Breitbart's Big Government--which hosted the groundbreaking ACORN sting videos--is a hub of investigative reporting, devoted to exposing malfeasance by major players in the administration and the liberal power structure.

Tucker Carlson has been less forthcoming about his new web project, the Daily Caller, but he told Politico that it "will be defined by its reporting, by the new facts it adds." Politico predicts that the the site will likely cater to "an audience within the Washington- New York media establishment," in contrast to Breitbart's more populist political appeal.

Necessity is the mother of invention, and the Republican Party's relegation to minority status and the omnipresence of doom-and-gloom predictions as to the viability of the conservative movement have spawned numerous innovative center-right online powerhouses. Politico reports,
The surge in conservative media is partially the result of being in the opposition after eight years of the Bush administration. That was an impetus for liberal and left-wing sites such as Huffington Post and Talking Points Memo, which made their names during the Bush administration and are now established enough to be building their own reporting staffs. Conservatives see them as models for their own plans to build online news organizations with a point of view.

“There was more of a niche media on the right for many years, and then Huffington Post and TPM" — as Talking Point Memo is commonly referred to — "took it to a new professional level that in some ways kind of leapfrogged over what the conservatives were doing,” [Heritage's Conn] Carroll said. “Now, I think [conservatives] are reevaluating and responding to the market.”
Sites such as Newsmax, WorldNetDaily, Pajamas Media, and CNSNews.com--a sister site of NewsBusters--have all been working towards providing more original reporting content.

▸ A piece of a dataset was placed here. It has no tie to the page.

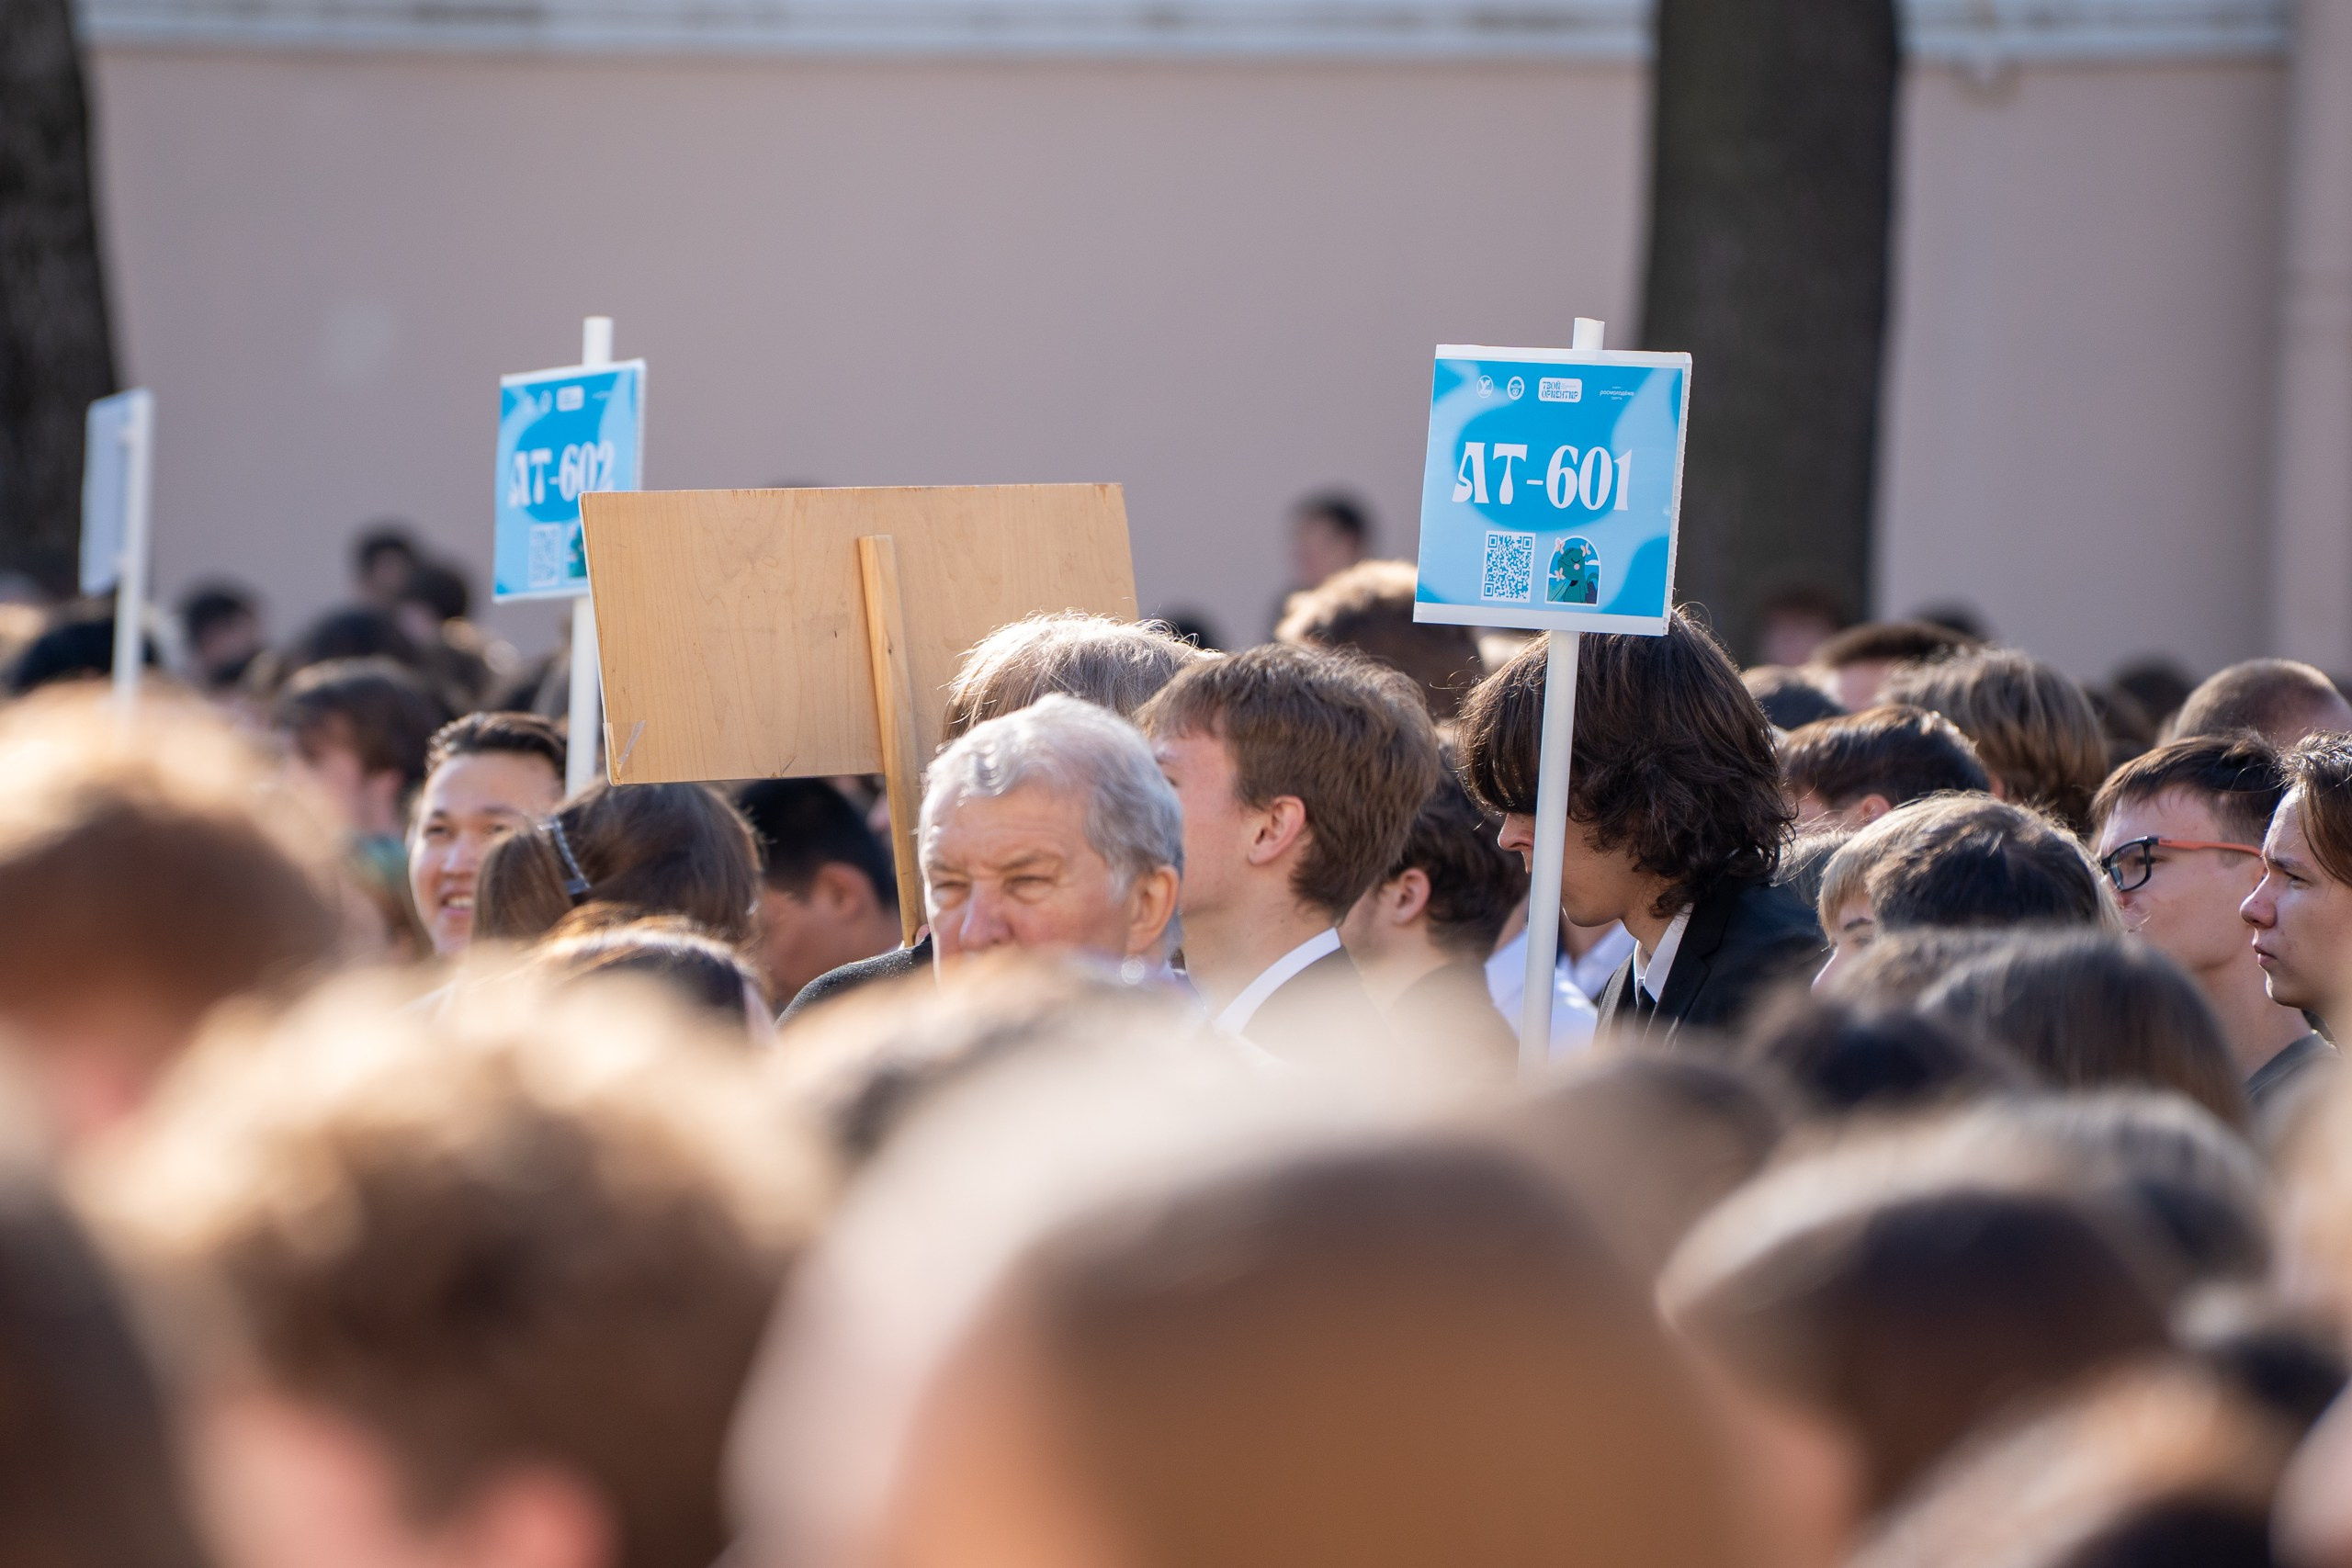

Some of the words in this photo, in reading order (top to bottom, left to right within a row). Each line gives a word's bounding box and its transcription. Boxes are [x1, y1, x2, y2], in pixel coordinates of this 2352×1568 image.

[1541, 389, 1578, 400] ОРИЕНТИР
[1542, 380, 1561, 389] ТВОЙ
[508, 441, 615, 507] АТ-602
[1452, 442, 1633, 511] АТ-601

Though Breitbart and Carlson are perhaps the most high-profile personalities to expand conservative news-gathering, these sites will also be on the cutting edge, and will not sit on their laurels while Big Journalism and the Daily Caller eat up market share.

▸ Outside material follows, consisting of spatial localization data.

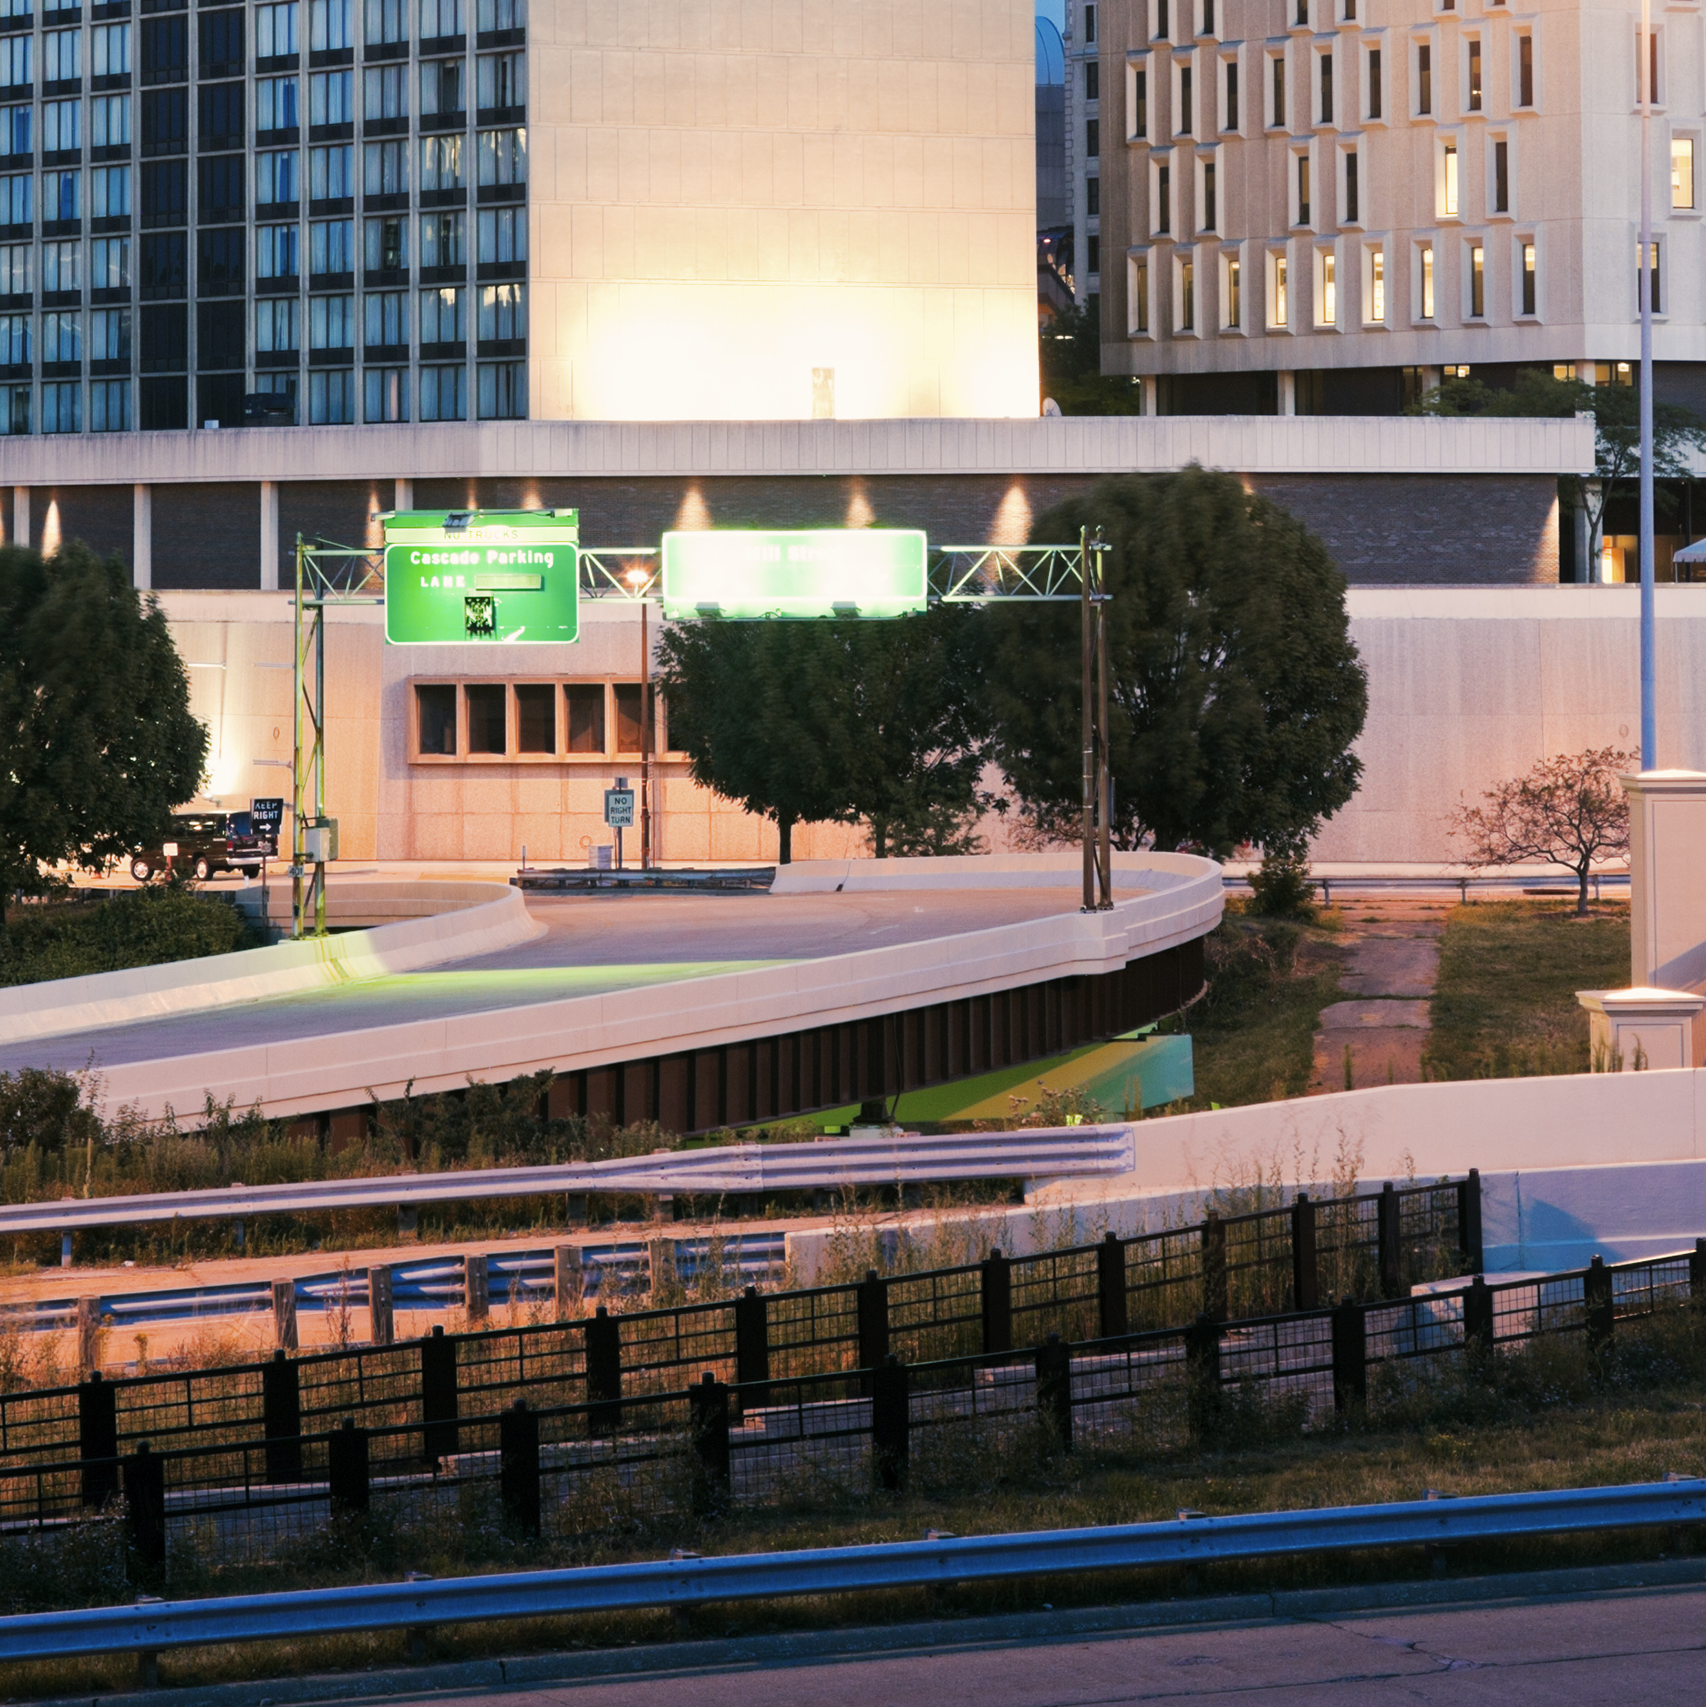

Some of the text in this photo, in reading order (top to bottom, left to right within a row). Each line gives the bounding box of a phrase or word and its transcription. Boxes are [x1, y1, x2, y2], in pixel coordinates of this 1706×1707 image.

[468, 530, 519, 540] TRUCKS
[410, 549, 554, 568] Cascade Parking
[420, 575, 466, 588] LANE
[255, 801, 277, 809] KEEP
[614, 797, 627, 805] NO
[610, 806, 631, 814] RIGHT
[253, 810, 278, 819] RIGHT
[611, 816, 630, 824] TURN

Conservative commentary sites already enjoy a prominent web presence. As Politico notes, Technorati recently ranked six center-rights sites in its top 30 most influential blogs: National Review’s The Corner (7); NewsBusters (14); Pajamas Media (17); Big Government (22); Michelle Malkin (26); and Power Line (29).

But if conservatives wish to overcome their historical disadvantages in traditional newsrooms, they will have to adopt a more news-centric approach to augment the opinion coverage that currently dominates the center-right blogosphere.